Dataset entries
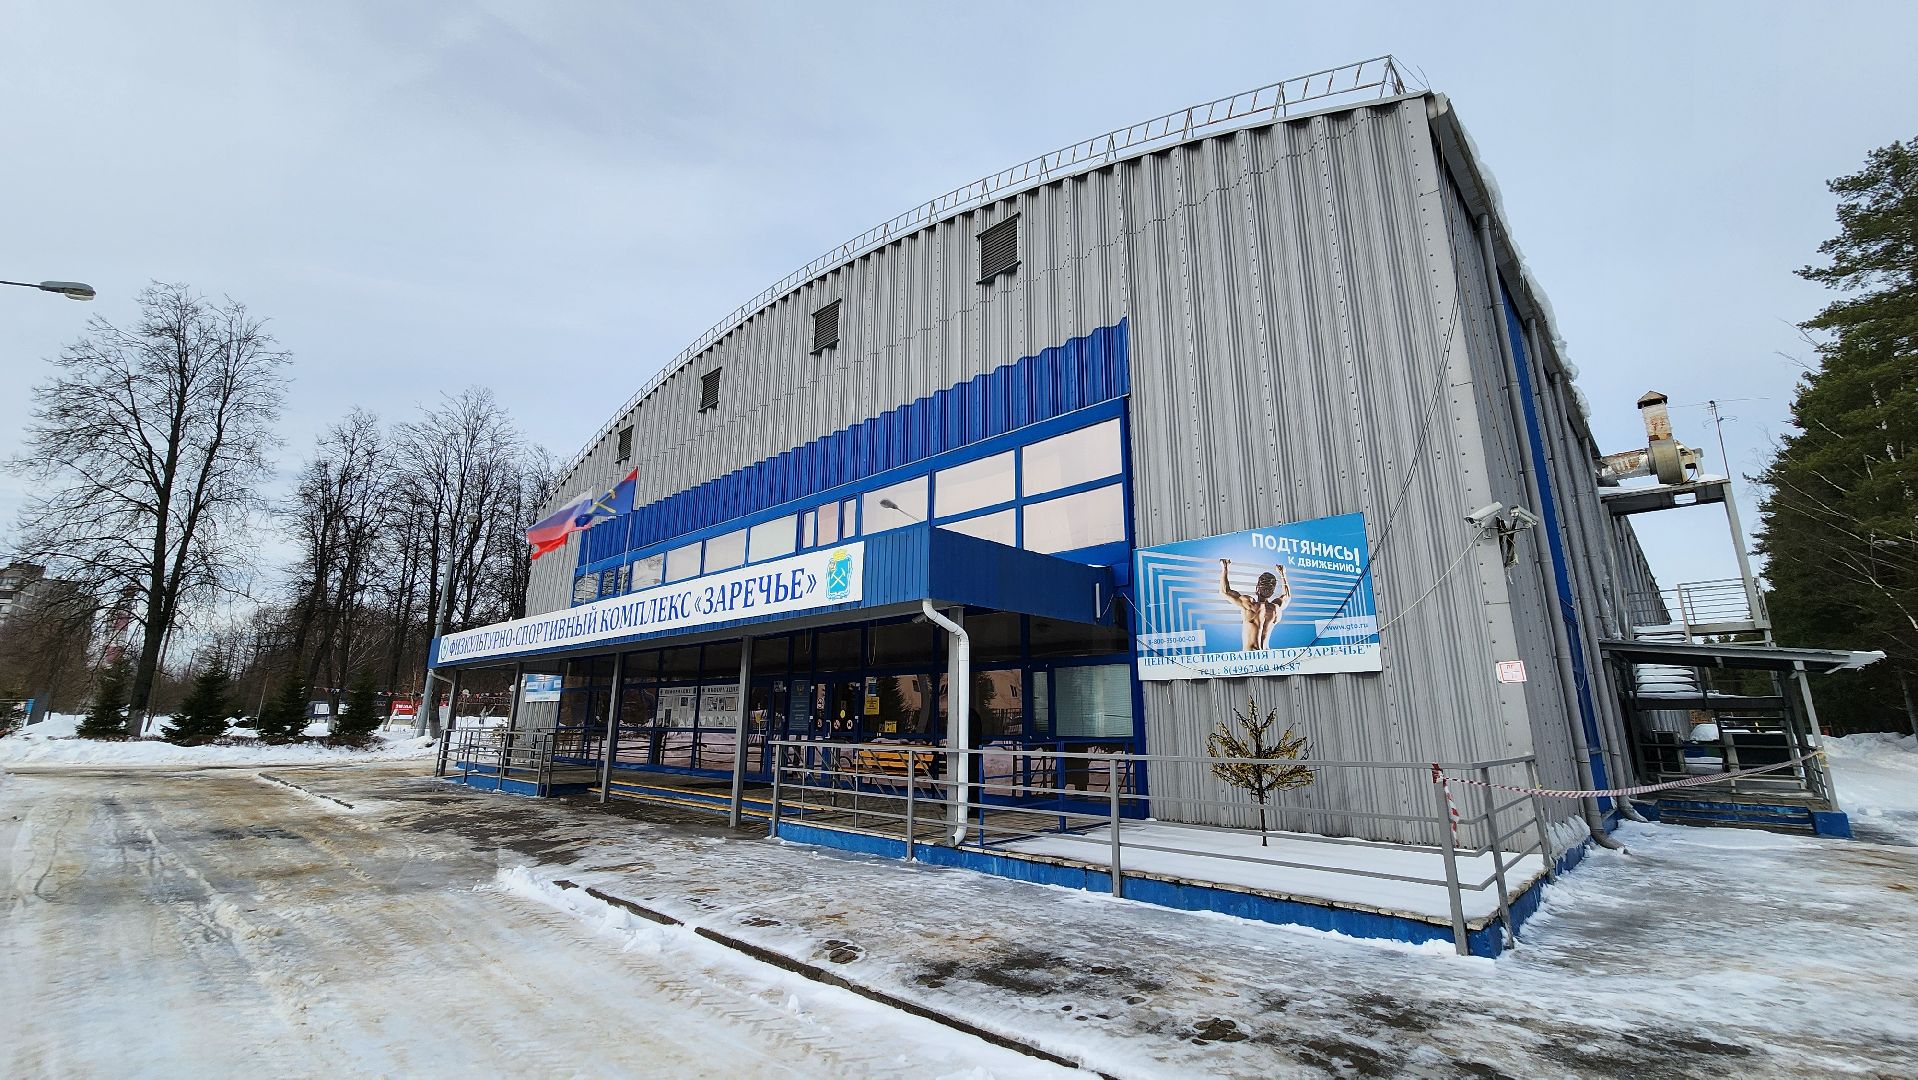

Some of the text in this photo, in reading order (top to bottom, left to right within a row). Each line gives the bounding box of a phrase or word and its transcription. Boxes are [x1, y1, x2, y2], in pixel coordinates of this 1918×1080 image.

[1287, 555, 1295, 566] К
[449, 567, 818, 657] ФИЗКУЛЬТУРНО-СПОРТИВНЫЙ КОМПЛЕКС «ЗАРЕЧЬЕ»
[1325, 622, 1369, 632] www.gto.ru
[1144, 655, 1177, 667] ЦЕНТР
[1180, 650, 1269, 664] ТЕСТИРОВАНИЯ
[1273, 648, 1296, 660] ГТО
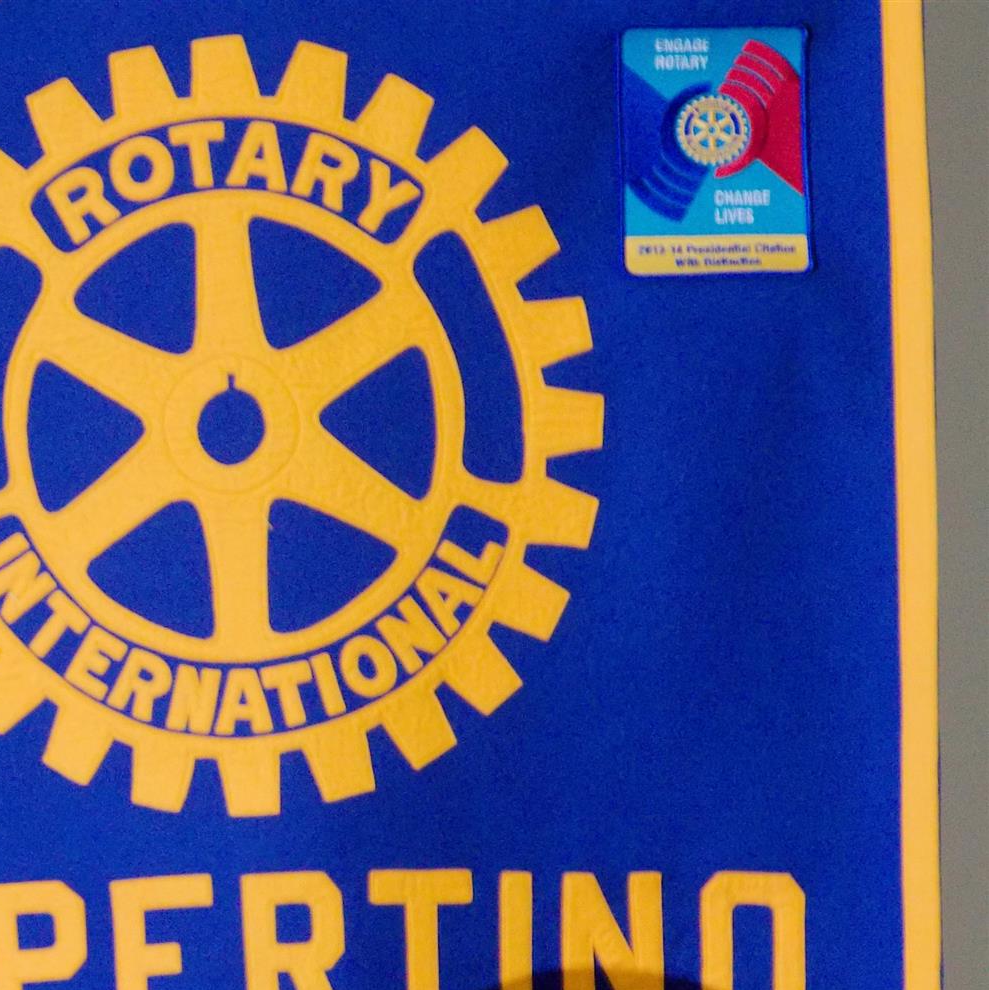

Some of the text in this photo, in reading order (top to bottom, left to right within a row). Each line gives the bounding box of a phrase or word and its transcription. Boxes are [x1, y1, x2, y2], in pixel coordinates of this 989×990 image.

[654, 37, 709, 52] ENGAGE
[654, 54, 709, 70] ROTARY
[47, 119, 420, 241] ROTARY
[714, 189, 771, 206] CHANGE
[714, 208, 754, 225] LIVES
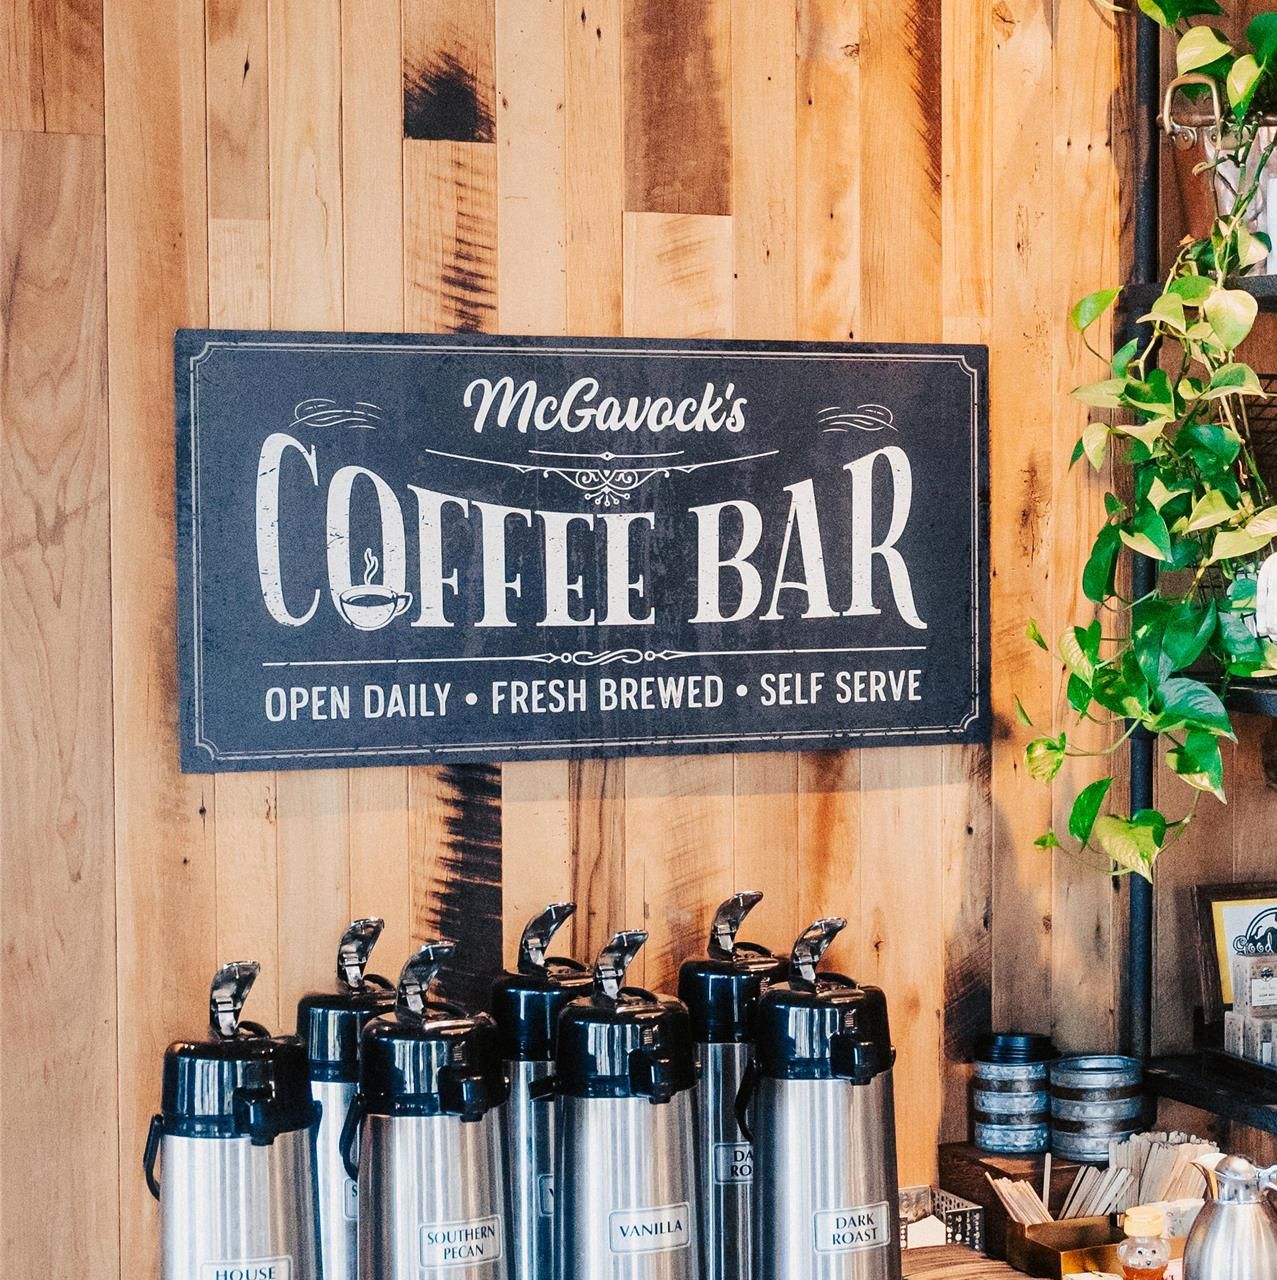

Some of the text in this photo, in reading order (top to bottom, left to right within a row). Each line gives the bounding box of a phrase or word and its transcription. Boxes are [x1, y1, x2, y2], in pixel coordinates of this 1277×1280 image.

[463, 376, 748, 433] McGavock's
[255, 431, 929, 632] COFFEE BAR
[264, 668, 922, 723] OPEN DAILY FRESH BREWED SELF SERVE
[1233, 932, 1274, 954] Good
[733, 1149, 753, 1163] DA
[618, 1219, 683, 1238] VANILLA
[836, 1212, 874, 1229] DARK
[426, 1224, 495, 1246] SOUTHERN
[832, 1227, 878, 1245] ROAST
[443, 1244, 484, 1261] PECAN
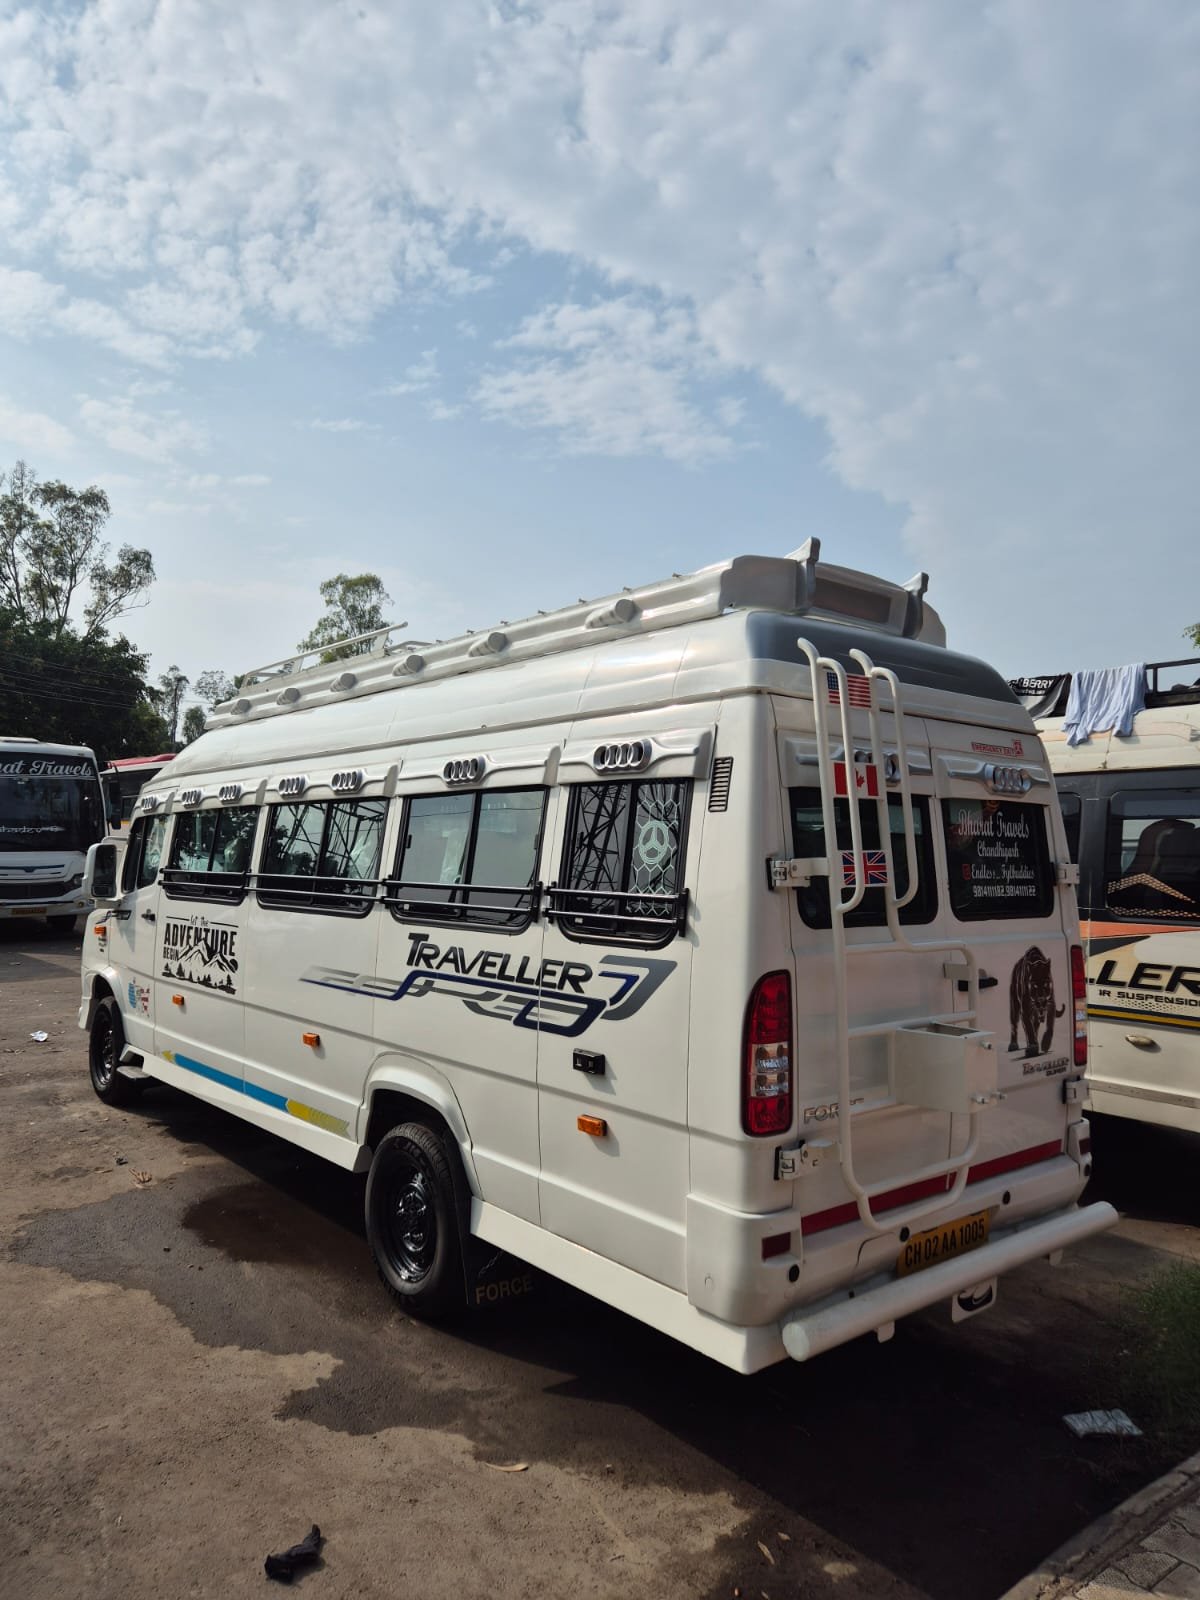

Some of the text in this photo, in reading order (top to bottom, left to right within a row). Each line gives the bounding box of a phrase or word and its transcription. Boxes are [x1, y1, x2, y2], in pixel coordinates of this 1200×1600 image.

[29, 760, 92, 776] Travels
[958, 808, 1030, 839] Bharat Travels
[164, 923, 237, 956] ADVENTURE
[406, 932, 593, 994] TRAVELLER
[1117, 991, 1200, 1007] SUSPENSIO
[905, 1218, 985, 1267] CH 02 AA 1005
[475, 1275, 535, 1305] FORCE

Task to complete — Set down a word-for-word copy of the records, dropping any picture.

Answer section —
Some of the text in this photo, in reading order (top to bottom, left to right within a row). Each line gives the bounding box of a phrase or word and its transcription. Boxes are [x1, y1, x2, y2], in pixel coordinates of this 1918×1080 image.

[1287, 555, 1295, 566] К
[449, 567, 818, 657] ФИЗКУЛЬТУРНО-СПОРТИВНЫЙ КОМПЛЕКС «ЗАРЕЧЬЕ»
[1325, 622, 1369, 632] www.gto.ru
[1144, 655, 1177, 667] ЦЕНТР
[1180, 650, 1269, 664] ТЕСТИРОВАНИЯ
[1273, 648, 1296, 660] ГТО

Some of the text in this photo, in reading order (top to bottom, left to right within a row). Each line gives the bounding box of a phrase or word and its transcription. Boxes are [x1, y1, x2, y2], in pixel coordinates of this 989×990 image.

[654, 37, 709, 52] ENGAGE
[654, 54, 709, 70] ROTARY
[47, 119, 420, 241] ROTARY
[714, 189, 771, 206] CHANGE
[714, 208, 754, 225] LIVES

Some of the text in this photo, in reading order (top to bottom, left to right within a row). Each line gives the bounding box of a phrase or word and its transcription. Boxes are [x1, y1, x2, y2], in pixel coordinates of this 1277×1280 image.

[463, 376, 748, 433] McGavock's
[255, 431, 929, 632] COFFEE BAR
[264, 668, 922, 723] OPEN DAILY FRESH BREWED SELF SERVE
[1233, 932, 1274, 954] Good
[733, 1149, 753, 1163] DA
[618, 1219, 683, 1238] VANILLA
[836, 1212, 874, 1229] DARK
[426, 1224, 495, 1246] SOUTHERN
[832, 1227, 878, 1245] ROAST
[443, 1244, 484, 1261] PECAN

Some of the text in this photo, in reading order (top to bottom, left to right within a row). Each line gives the bounding box of a phrase or word and its transcription. Boxes are [x1, y1, x2, y2], in pixel coordinates of this 1200×1600 image.

[29, 760, 92, 776] Travels
[958, 808, 1030, 839] Bharat Travels
[164, 923, 237, 956] ADVENTURE
[406, 932, 593, 994] TRAVELLER
[1117, 991, 1200, 1007] SUSPENSIO
[905, 1218, 985, 1267] CH 02 AA 1005
[475, 1275, 535, 1305] FORCE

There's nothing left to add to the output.